DIRECTIONS: From the line containing "Some of the text" down to the final line of the entries below, quote every line verbatim. Exclude pictures.

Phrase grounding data
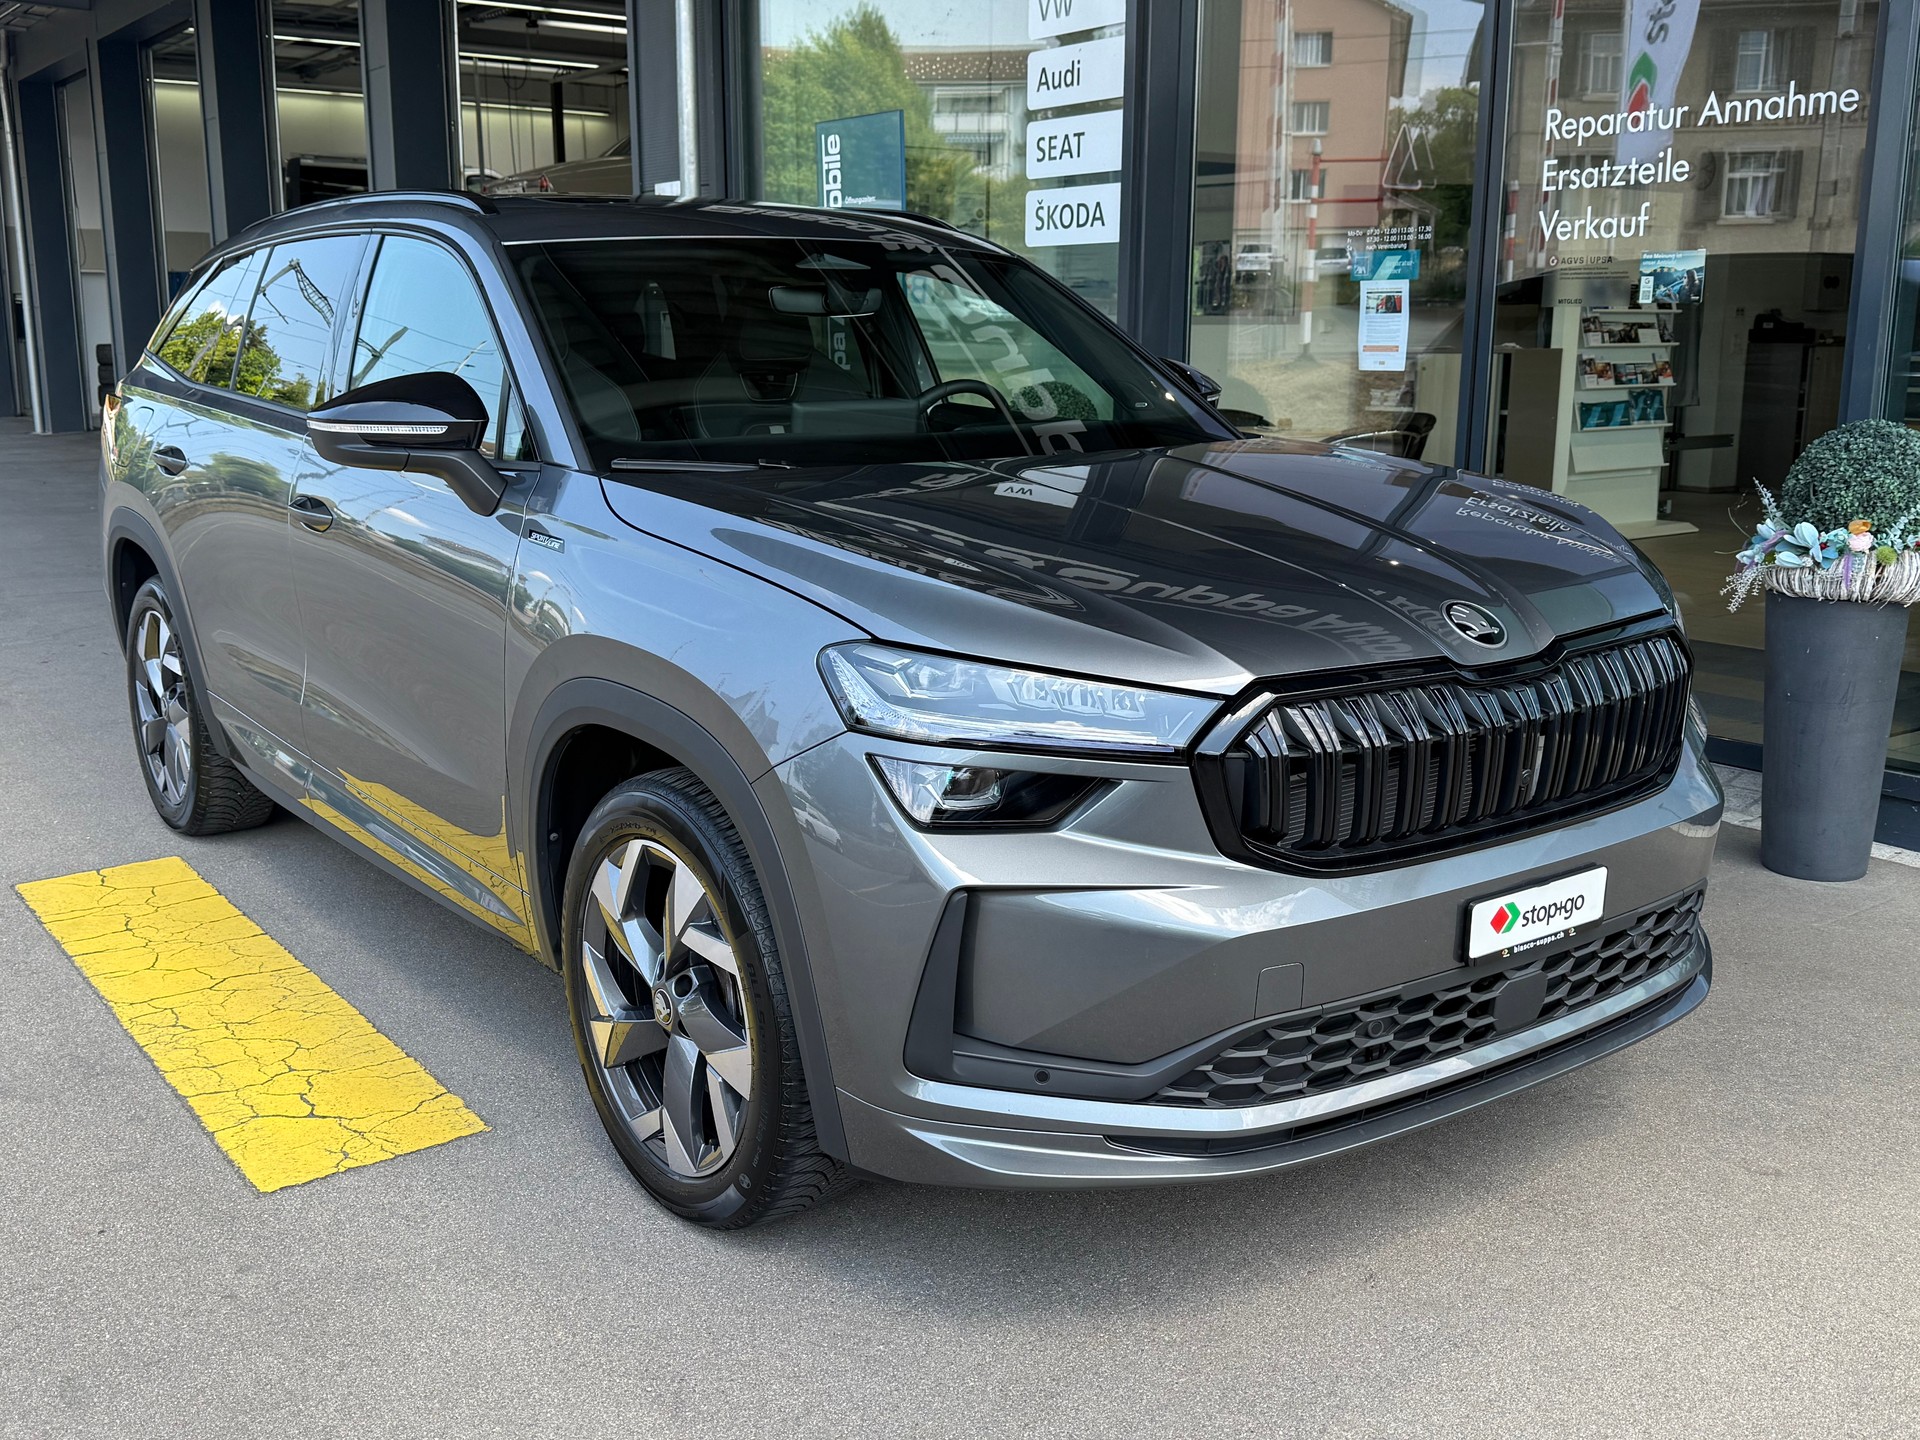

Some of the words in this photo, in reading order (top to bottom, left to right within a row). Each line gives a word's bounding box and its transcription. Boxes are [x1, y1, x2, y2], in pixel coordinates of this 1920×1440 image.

[1037, 0, 1073, 22] VW
[1036, 59, 1081, 93] Audi
[1545, 103, 1689, 147] Reparatur
[1698, 80, 1860, 127] Annahme
[1036, 131, 1086, 163] SEAT
[1541, 148, 1690, 192] Ersatzteile
[1034, 199, 1106, 232] ŠKODA
[1538, 202, 1651, 243] Verkauf
[1561, 256, 1585, 265] AGVS
[1590, 256, 1613, 264] UPSA
[1521, 894, 1585, 928] stop+go
[1513, 931, 1565, 953] biasco-suppa.ch
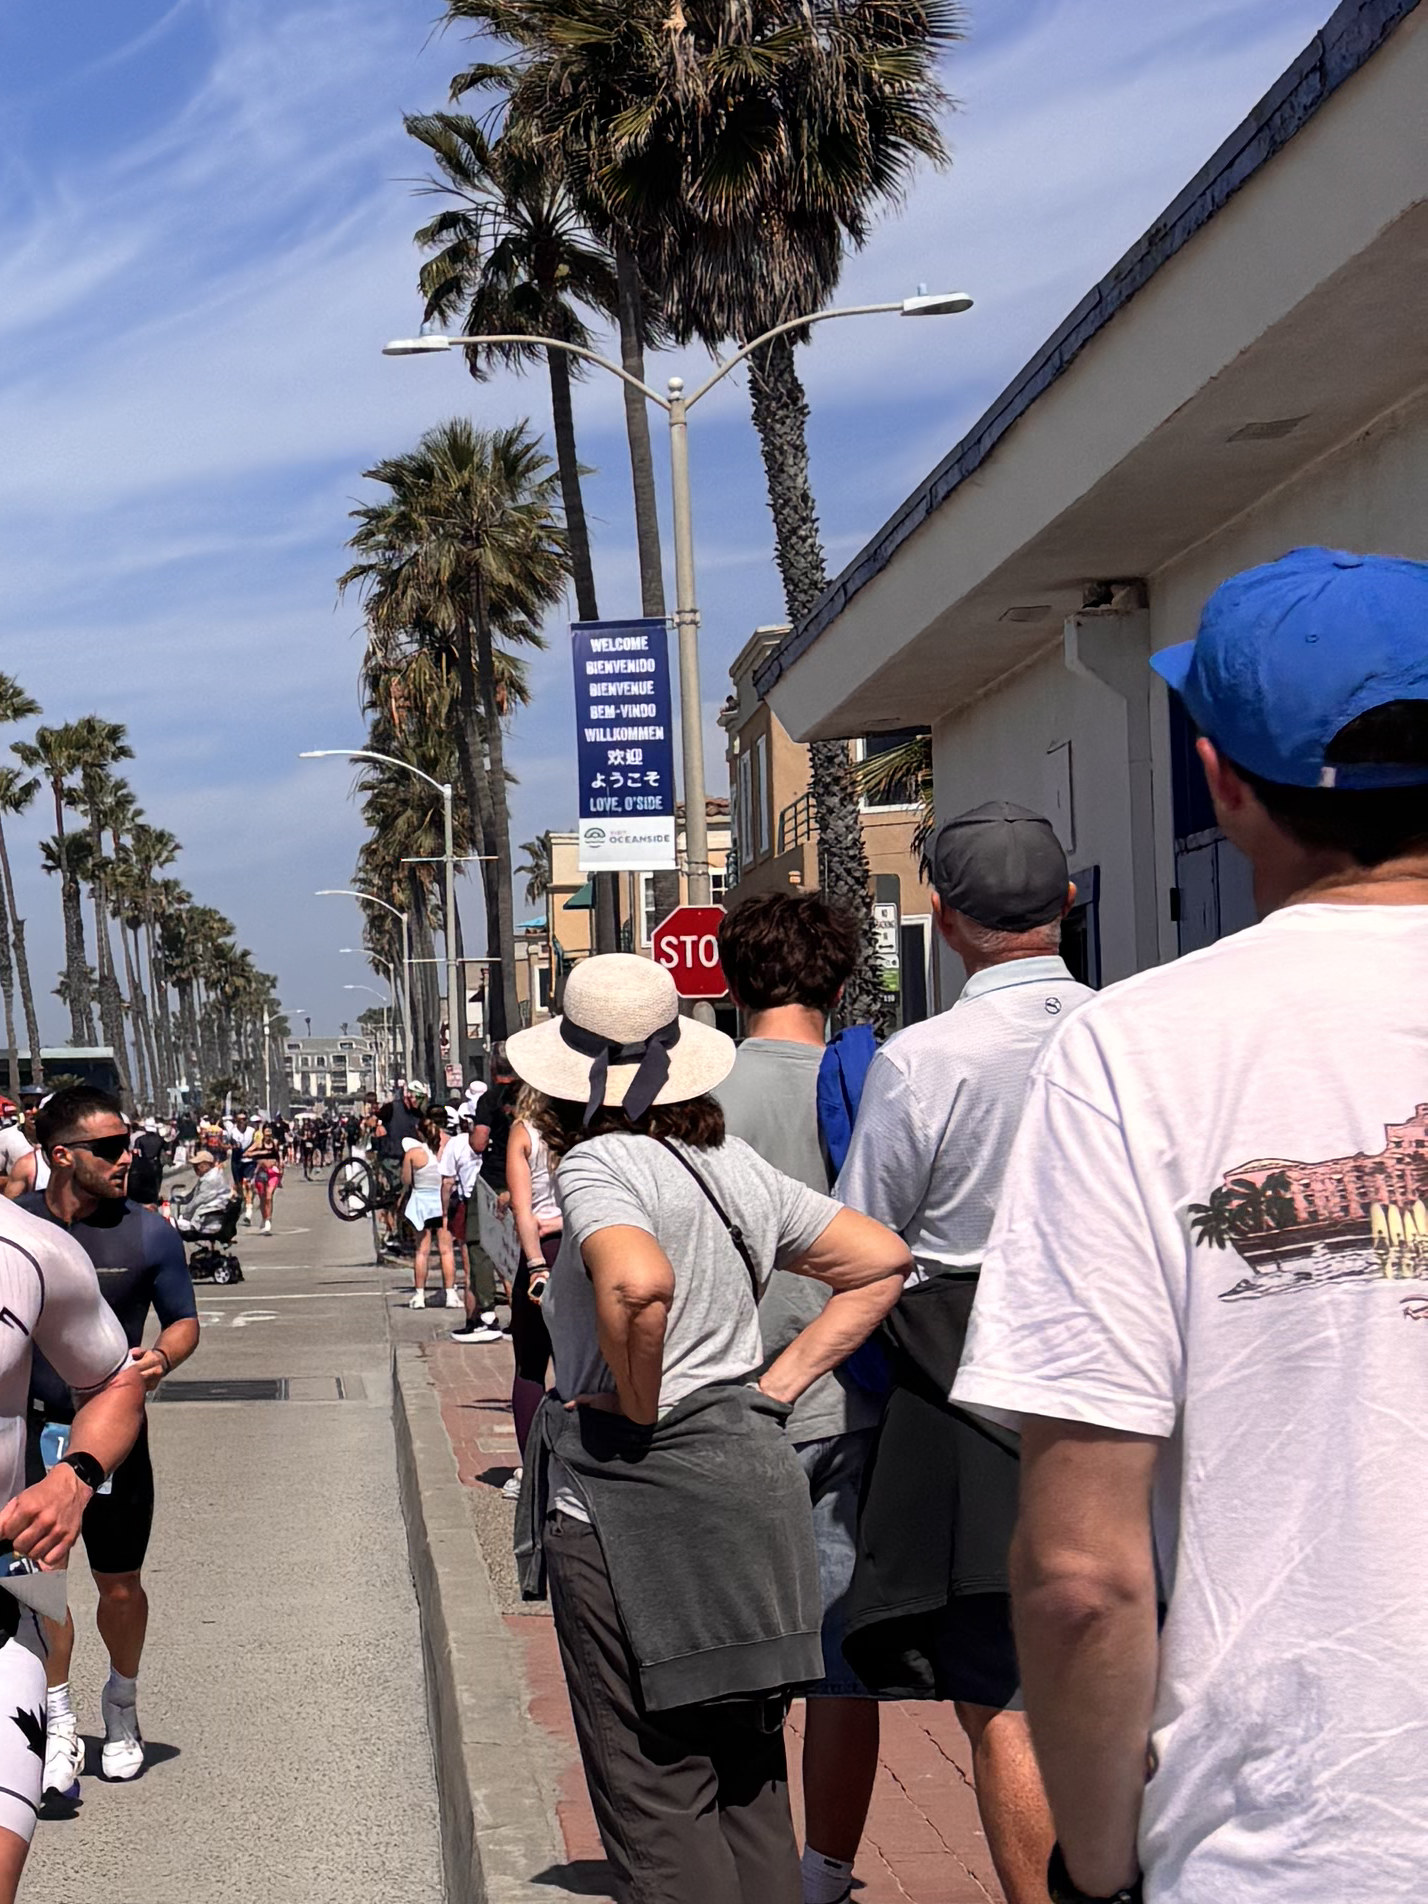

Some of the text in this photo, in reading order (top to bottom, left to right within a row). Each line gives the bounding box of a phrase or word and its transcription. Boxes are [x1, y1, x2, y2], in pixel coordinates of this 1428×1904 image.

[590, 636, 649, 653] WELCOME
[586, 658, 656, 675] BIENVENIDO
[589, 680, 655, 697] BIENVENUE
[590, 703, 657, 719] BEM-VINDO
[584, 726, 664, 742] WILLKOMMEN
[607, 748, 643, 765] 欢迎
[591, 771, 661, 789] ようこそ
[590, 796, 663, 812] LOVE, O'SIDE
[609, 834, 671, 844] OCEANSIDE
[660, 934, 719, 969] STO
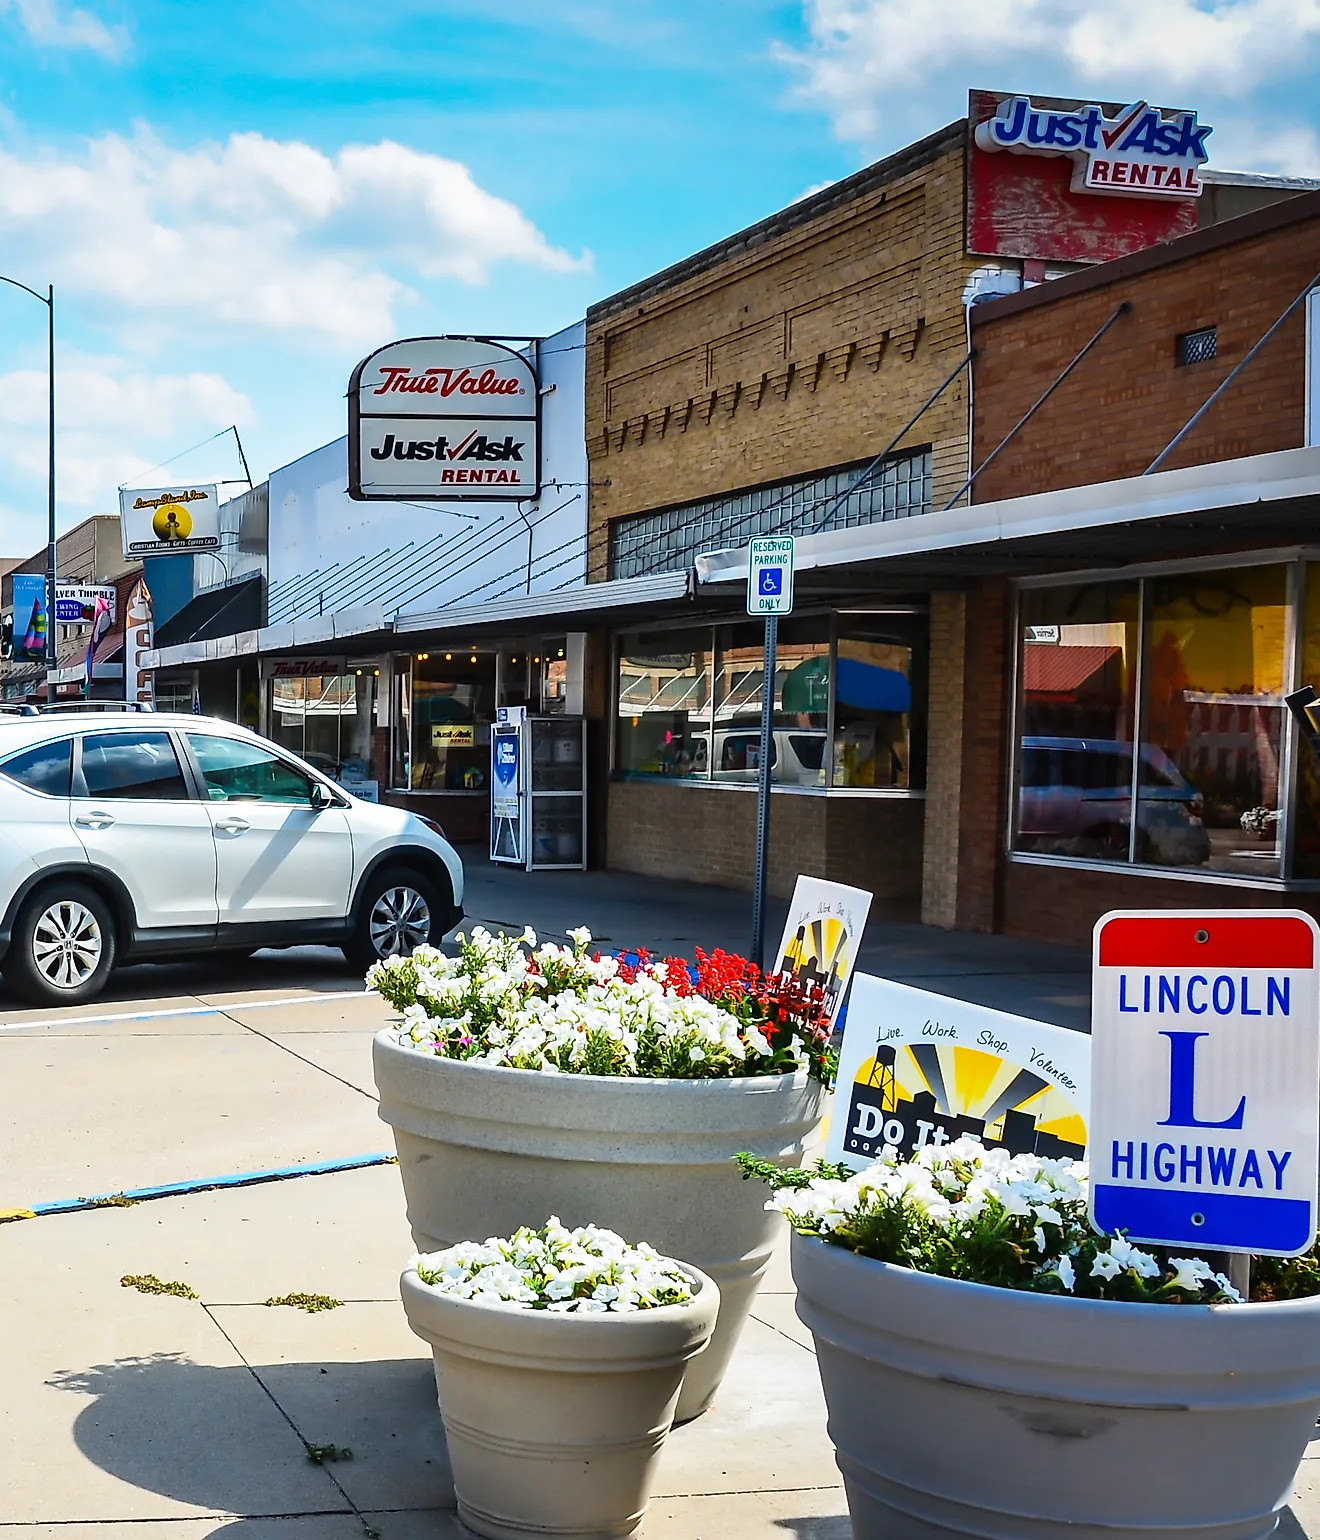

ANSWER BOX:
Some of the text in this photo, in reading order (top to bottom, left to right within a row). Each line gives the bounding box of a phrase or word and its transcription. Boxes are [x1, y1, x2, y2], in pixel coordinates of this 1428×1904 image.

[590, 636, 649, 653] WELCOME
[586, 658, 656, 675] BIENVENIDO
[589, 680, 655, 697] BIENVENUE
[590, 703, 657, 719] BEM-VINDO
[584, 726, 664, 742] WILLKOMMEN
[607, 748, 643, 765] 欢迎
[591, 771, 661, 789] ようこそ
[590, 796, 663, 812] LOVE, O'SIDE
[609, 834, 671, 844] OCEANSIDE
[660, 934, 719, 969] STO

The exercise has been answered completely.